#### TASK PROMPT
Exact copy, no pictures: return all the records as they stand.

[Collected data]
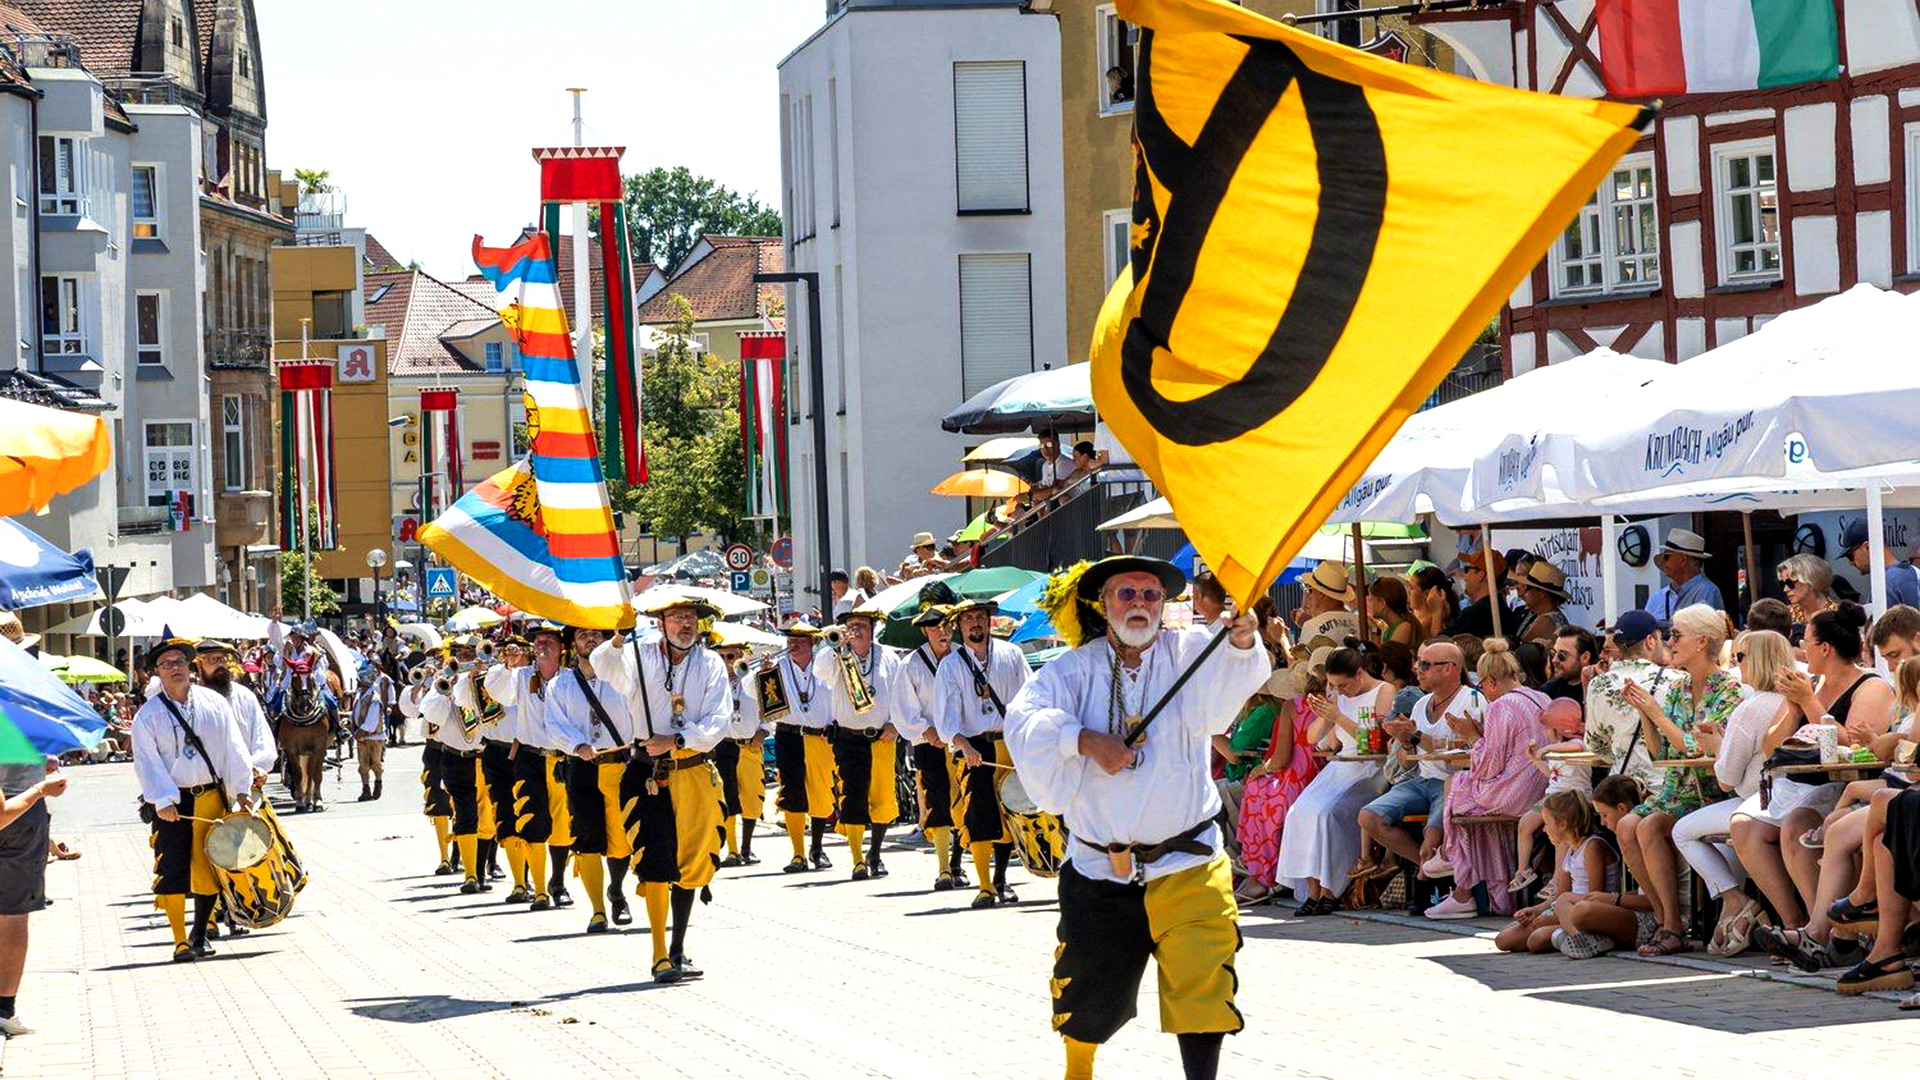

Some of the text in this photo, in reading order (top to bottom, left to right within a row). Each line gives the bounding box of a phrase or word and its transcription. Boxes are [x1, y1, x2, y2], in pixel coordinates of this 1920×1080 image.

[1644, 409, 1754, 471] KRUMBACH Allgäu pur.
[1343, 480, 1373, 509] Allgäu
[732, 552, 748, 564] 30
[734, 574, 746, 589] P
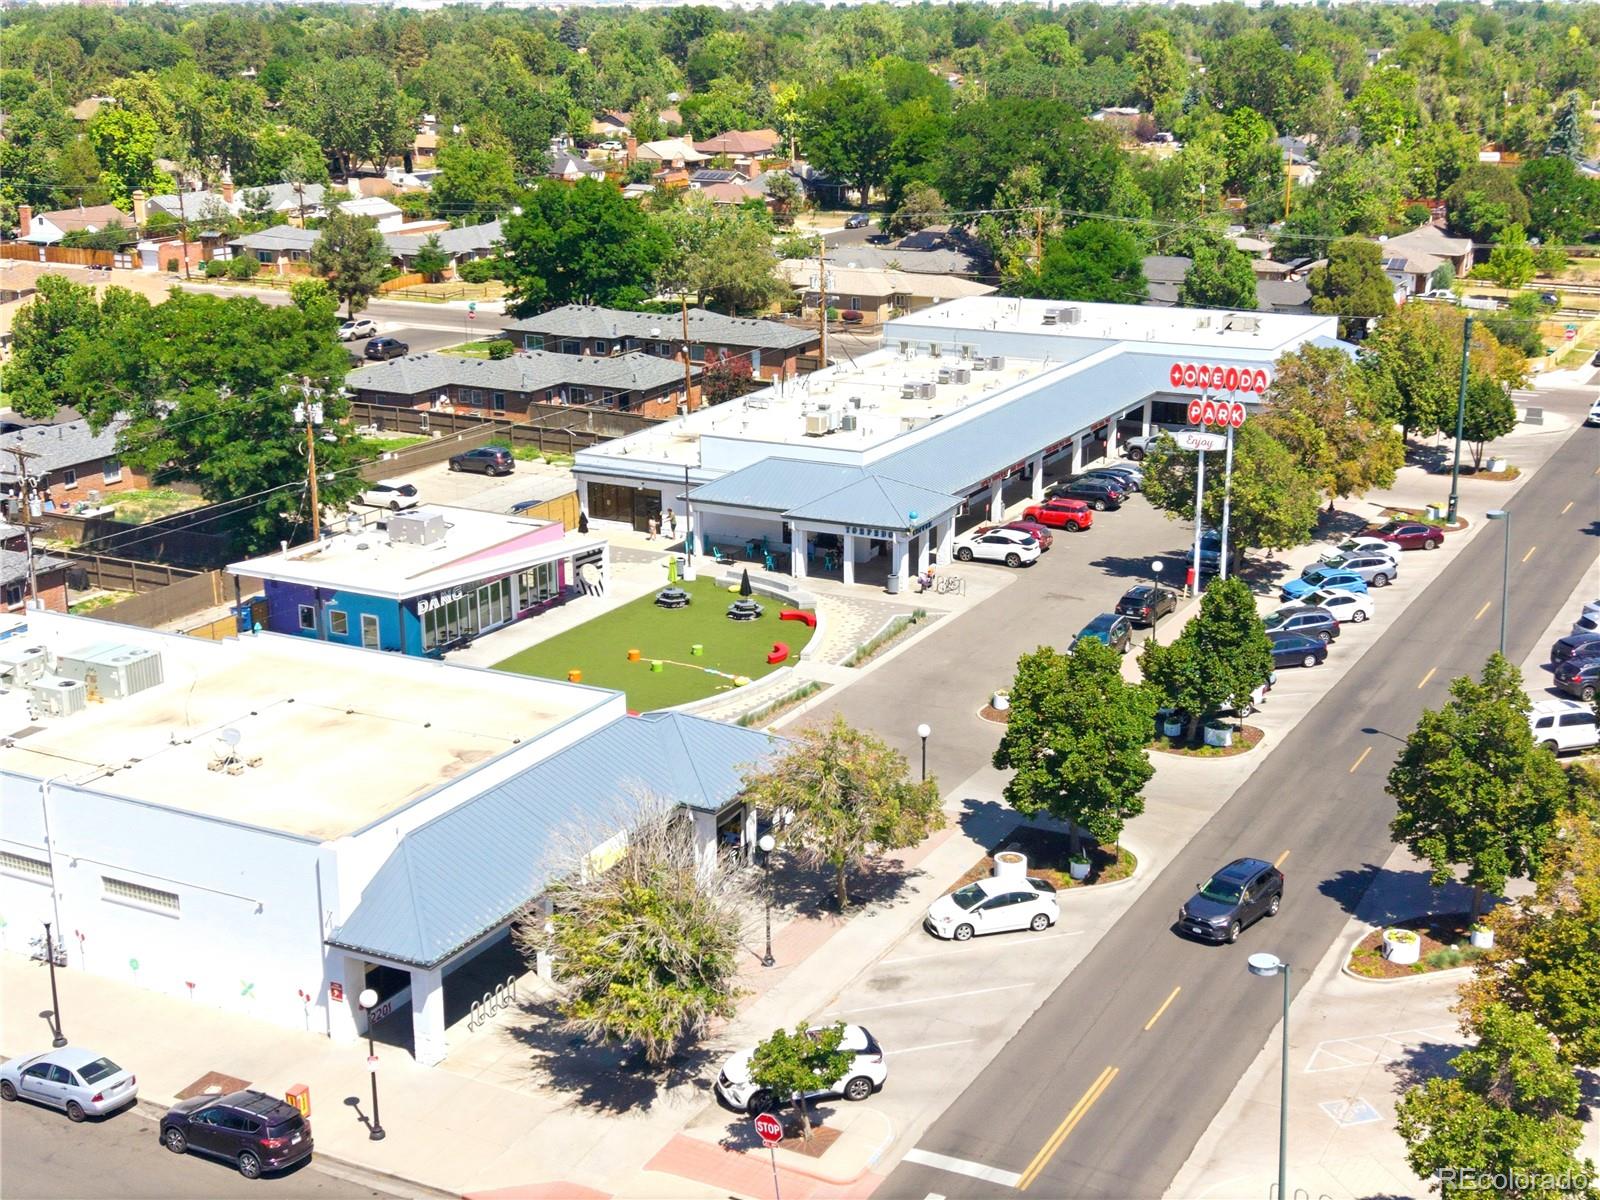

#### EXERCISE RESPONSE
Some of the text in this photo, in reading order (top to bottom, left to right within a row). Each line gives the bounding box of a phrase or word and its transcription. Boxes are [x1, y1, x2, y2], in pixel coordinates of this 1920×1080 image.

[1644, 409, 1754, 471] KRUMBACH Allgäu pur.
[1343, 480, 1373, 509] Allgäu
[732, 552, 748, 564] 30
[734, 574, 746, 589] P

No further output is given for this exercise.